Collected data
============================================================

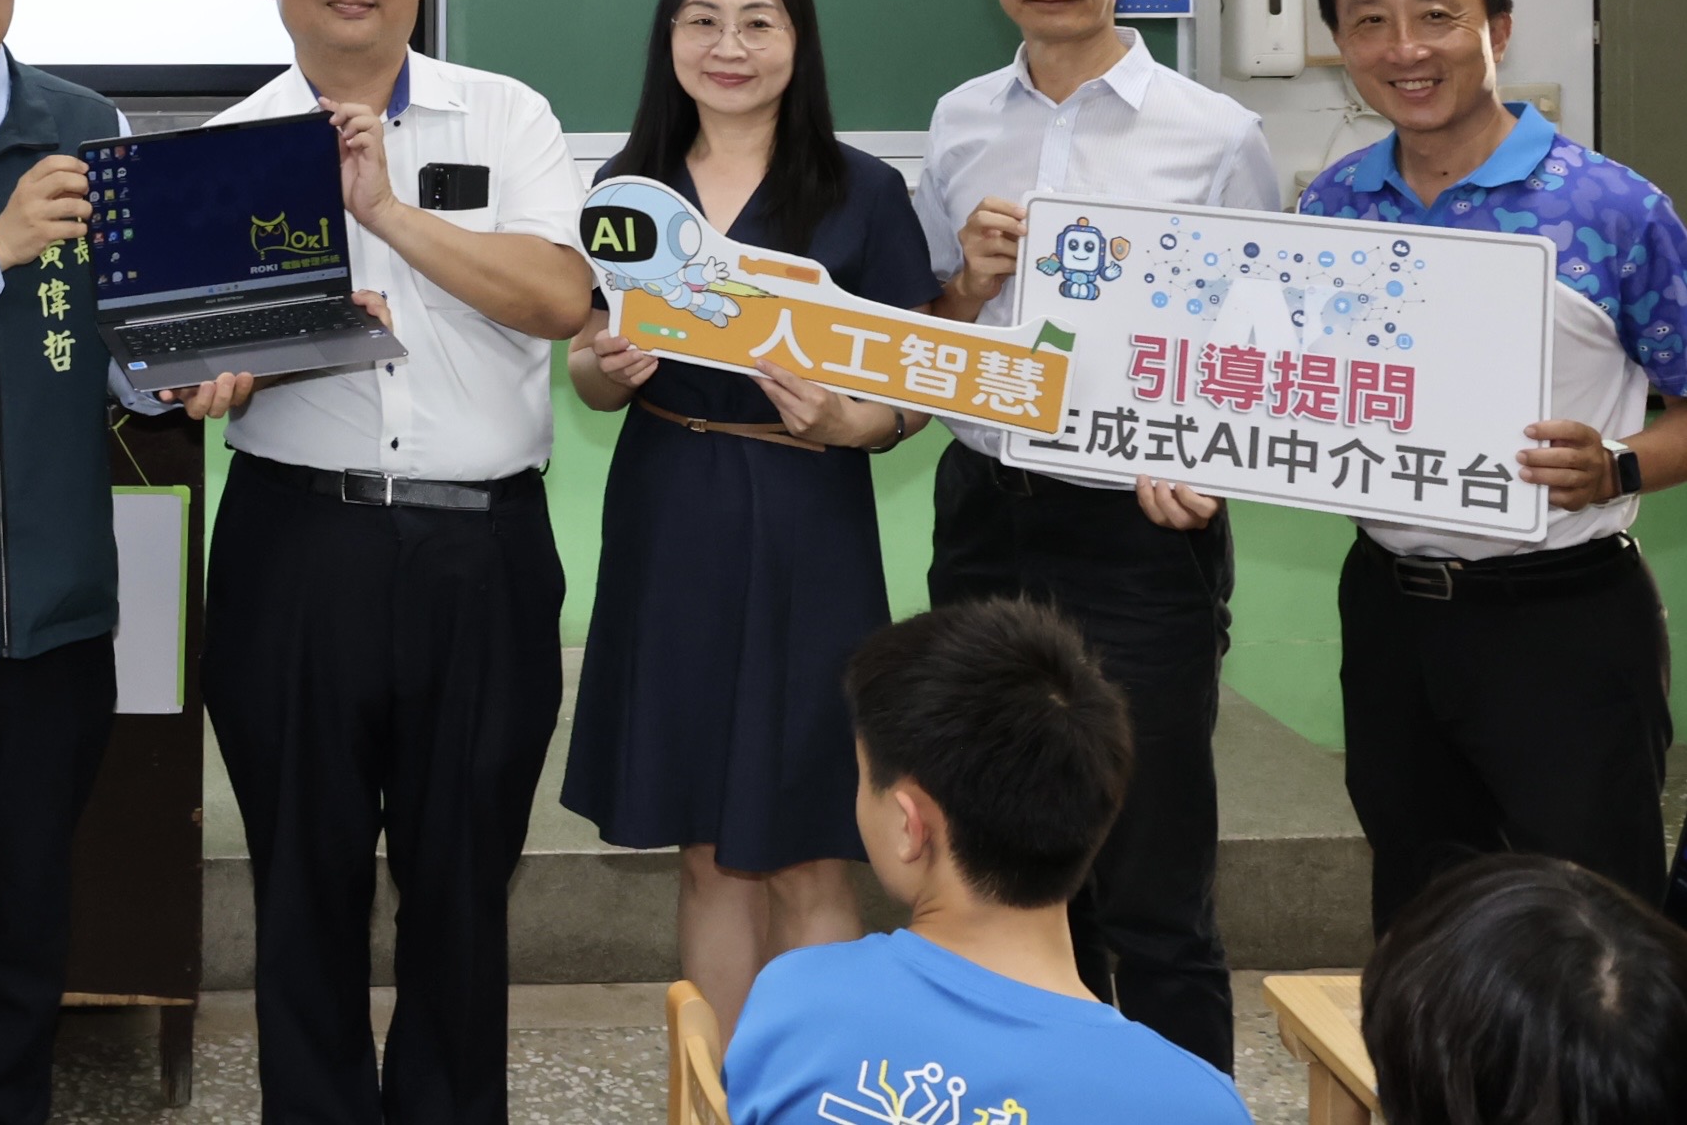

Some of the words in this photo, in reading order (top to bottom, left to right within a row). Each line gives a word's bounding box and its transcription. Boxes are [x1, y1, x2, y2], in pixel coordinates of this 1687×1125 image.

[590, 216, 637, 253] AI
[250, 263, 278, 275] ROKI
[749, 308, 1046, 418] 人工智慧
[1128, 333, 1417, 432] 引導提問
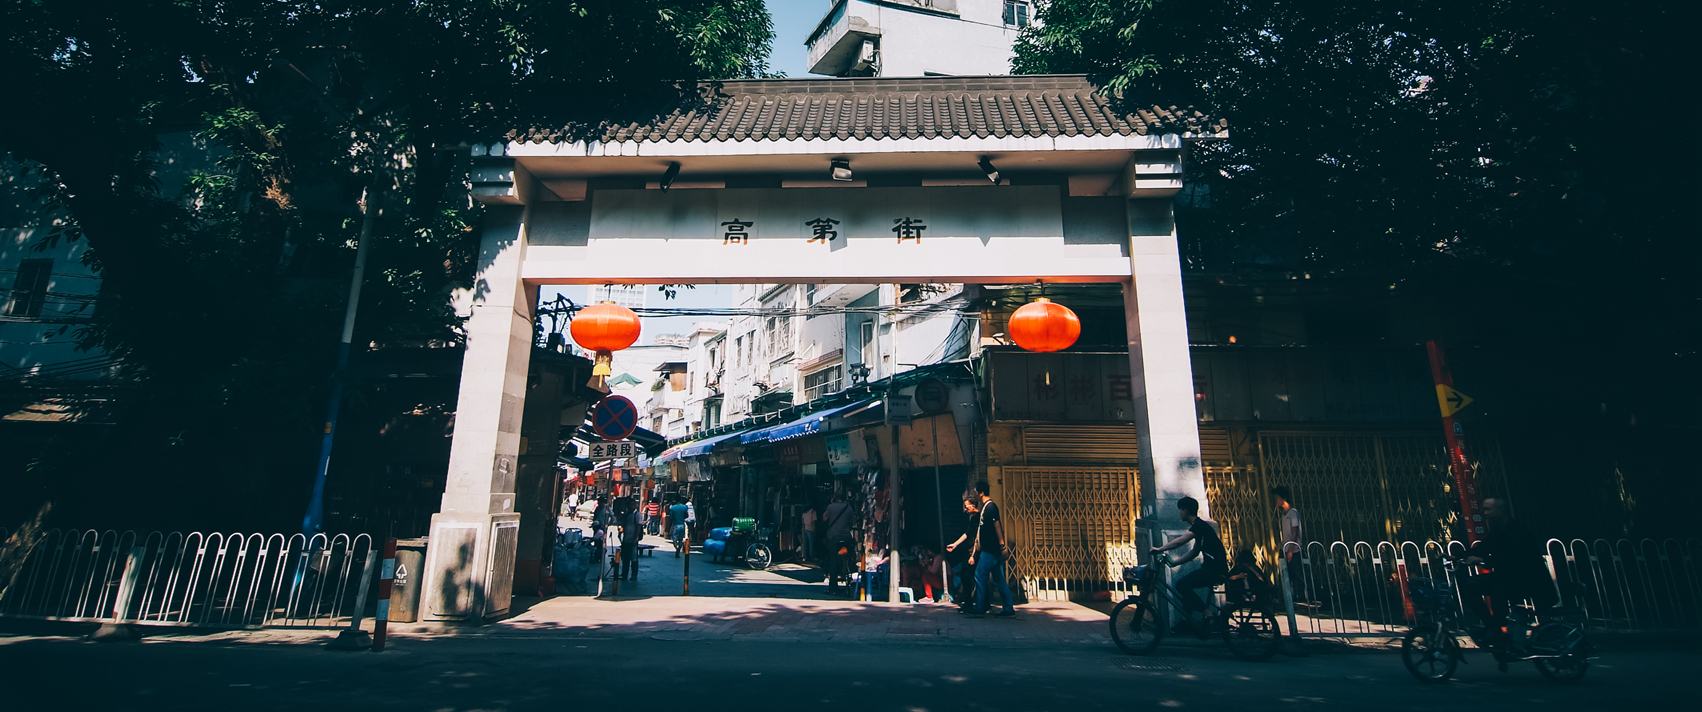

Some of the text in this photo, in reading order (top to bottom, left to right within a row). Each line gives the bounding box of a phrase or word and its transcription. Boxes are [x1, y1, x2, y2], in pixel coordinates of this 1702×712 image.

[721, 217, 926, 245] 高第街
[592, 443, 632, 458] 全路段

============================================================

Task goal
Only the lines from the one with "Some of the text" through the final line above belong in the answer, each reproduced word for word.

Exercise solution
Some of the text in this photo, in reading order (top to bottom, left to right within a row). Each line gives the bounding box of a phrase or word and its transcription. Boxes are [x1, y1, x2, y2], in pixel coordinates of this 1702×712 image.

[721, 217, 926, 245] 高第街
[592, 443, 632, 458] 全路段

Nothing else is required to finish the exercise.